Put me in, Coach: The PA Challenger Division
Put me in, Coach!
Whether it is hitting a ball into the outfield, sliding onto first base or throwing a perfect pitch, baseball is a sport that all kids should be able to enjoy. This was Mike Junkins’ line of logic when he created the Dillsburg Youth Challenger Division Team in 2006.
The Challenger Division is a baseball league created specifically for kids with special needs and disabilities. The main focus of the division is to teach kids ages 6 to 24 about baseball, to promote teamwork and—more importantly—to have a lot of fun.
Scores are not kept during Challenger Division games and rules can be changed on the fly to suit different disabilities and needs. Challenger teams also usually have one to two short practices per week.
The biggest challenge Junkins had when creating the team was getting the word out, but the news quickly spread and the Dillsburg team, which began with only eight kids during its first year, now has more than 40 kids. The program is offered for free to families and relies upon local support and the work of about 12 volunteers to keep things up and running.
Junkins said many of the kids on the team have Autism or Down Syndrome, while others have physical disabilities such as spina bifida.
Those that join the program find not just a team, but a “closely-knit family” Junkins describes. It’s a common sight to see older kids out on the field helping the younger kids during a game. Junkins says he’s found that many teenagers come back to help out with the program because they found it so helpful themselves and had such a great experience with the team.
What Junkins finds surprising is that there are not more local challenger teams. While there are teams in Camp Hill and Berks County, the Dillsburg team still has kids that travel from as far away as Loganville in southern York County.
Junkins says he’d like to see more Challenger teams in the area. “It doesn’t take a lot to start up a team either,” he says. Setting up a team requires minimal time and cost and doesn’t require an in-depth knowledge of baseball—most kids really don’t have any specific expectations.

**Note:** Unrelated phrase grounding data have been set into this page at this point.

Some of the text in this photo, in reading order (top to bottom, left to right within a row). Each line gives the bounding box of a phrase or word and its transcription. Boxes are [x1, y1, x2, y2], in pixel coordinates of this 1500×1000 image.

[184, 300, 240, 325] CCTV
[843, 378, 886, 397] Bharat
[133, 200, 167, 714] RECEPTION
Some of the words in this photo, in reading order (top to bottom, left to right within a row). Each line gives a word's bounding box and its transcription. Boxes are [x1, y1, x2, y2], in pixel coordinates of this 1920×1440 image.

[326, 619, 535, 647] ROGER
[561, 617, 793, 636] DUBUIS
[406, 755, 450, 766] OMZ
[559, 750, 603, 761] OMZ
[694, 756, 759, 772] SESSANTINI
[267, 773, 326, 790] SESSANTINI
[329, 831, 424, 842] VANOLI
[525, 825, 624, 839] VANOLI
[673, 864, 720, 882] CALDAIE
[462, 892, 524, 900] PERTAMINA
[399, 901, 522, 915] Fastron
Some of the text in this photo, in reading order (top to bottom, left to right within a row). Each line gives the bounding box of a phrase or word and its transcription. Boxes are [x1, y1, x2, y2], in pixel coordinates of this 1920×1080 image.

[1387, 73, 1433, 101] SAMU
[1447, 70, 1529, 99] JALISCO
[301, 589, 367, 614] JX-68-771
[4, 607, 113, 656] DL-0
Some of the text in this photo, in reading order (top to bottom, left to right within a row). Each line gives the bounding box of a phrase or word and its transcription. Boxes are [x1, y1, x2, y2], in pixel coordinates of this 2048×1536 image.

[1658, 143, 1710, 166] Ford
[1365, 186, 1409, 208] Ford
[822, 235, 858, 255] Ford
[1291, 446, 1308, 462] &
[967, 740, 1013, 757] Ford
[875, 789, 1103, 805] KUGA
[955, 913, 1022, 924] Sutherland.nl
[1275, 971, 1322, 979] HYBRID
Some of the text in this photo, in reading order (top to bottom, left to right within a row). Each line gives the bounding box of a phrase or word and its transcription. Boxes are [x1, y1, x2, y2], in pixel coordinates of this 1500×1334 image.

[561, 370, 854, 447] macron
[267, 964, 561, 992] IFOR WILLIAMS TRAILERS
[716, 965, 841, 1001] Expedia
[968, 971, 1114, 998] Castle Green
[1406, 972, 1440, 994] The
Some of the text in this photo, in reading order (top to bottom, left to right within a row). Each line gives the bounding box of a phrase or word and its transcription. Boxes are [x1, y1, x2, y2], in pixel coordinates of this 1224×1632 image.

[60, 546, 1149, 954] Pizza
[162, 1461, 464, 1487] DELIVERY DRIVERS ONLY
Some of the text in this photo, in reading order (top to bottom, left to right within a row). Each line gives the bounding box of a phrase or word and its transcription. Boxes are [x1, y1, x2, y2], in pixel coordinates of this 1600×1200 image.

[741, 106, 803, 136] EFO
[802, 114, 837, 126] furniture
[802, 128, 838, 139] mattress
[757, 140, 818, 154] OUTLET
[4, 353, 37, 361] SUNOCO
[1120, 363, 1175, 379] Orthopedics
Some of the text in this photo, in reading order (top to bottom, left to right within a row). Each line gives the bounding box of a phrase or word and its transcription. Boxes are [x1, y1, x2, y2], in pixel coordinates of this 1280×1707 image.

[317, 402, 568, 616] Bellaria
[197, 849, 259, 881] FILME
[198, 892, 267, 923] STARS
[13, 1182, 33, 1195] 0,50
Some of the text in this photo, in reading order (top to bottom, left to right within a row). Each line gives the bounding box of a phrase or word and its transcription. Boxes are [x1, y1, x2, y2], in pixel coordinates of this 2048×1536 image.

A budget of about $400 is all that’s really needed to run the program and funding can often be acquired from local businesses.
In many ways, Junkins finds that he gets just as much out of the program as the kids do. He has become a part of a larger family, and has even been invited to graduations. Junkins enjoys being a part of such a great program and describes the experience as being “a lot of fun!”
Joe Barry is a Central Penn Parent intern who will graduate from York College this month.